Published on April 2, 2008
UBS, battered by write-downs from the collapse of the US sub-prime mortgage market, reported a 12-billion-franc (Bt376 billion) quarterly loss and said chairman Marcel Ospel would step down.
Bloomberg reported the bank would seek 15 billion francs in a rights offer to replenish capital on top of 13 billion francs raised from investors in Singapore and the Middle East. UBS will write down US$19 billion (Bt598 billion) worth of debt securities, bringing the total to almost $38 billion since last year's third quarter. Zurich-based UBS yesterday also said it would cut jobs at the investment bank.
Ospel, 58, who led the creation of UBS in a merger a decade ago, will be replaced by 58-year-old general counsel Peter Kurer. Deutsche Bank yesterday said market conditions had become "significantly more challenging" in recent weeks, after rising US mortgage defaults caused about $230 billion in credit losses and write-downs at financial companies. UBS rose as much as 10 per cent in Swiss trading on optimism that Switzerland's largest bank would recover from its sub-prime losses.

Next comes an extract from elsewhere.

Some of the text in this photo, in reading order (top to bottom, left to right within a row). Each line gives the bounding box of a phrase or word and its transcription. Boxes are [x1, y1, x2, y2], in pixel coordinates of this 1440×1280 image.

"Behind closed doors, they have been cleaning up very swiftly, and the capital increase will put them back on a solid foundation," said Joerg de Vries-Hippen, who oversees about $26 billion, including UBS shares, as chief investment officer for European stocks at Allianz Global Investors in Frankfurt, Germany.
"Still, it will take years to repair the bank's reputation."

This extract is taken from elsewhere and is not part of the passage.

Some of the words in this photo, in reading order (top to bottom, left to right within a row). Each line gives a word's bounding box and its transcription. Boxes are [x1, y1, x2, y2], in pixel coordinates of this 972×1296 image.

The first-quarter write-down is greater than the $11 billion estimated by analysts at Merrill Lynch and Oppenheimer.
The bank's tier-1 capital ratio, a key measure of solvency, will be about 10.7 per cent after the rights offering is completed, UBS said. Without the capital increase, the ratio would have fallen to about 7 per cent.
Losses have already cost the jobs of former CEO Peter Wuffli, finance chief Clive Standish and investment-banking head Huw Jenkins. Ospel, who was supposed to stand for re-election at the shareholders' meeting on April 23 for a shortened, one-year term, helped arrange the previous capital increase.
"I ultimately take responsibility for the bank's situation," Ospel said in a statement. "With the measures that we have already taken, the proposals we are submitting to the annual general meeting and the processes we have put in place to deal with lessons learned, I believe that I have made all the necessary contributions."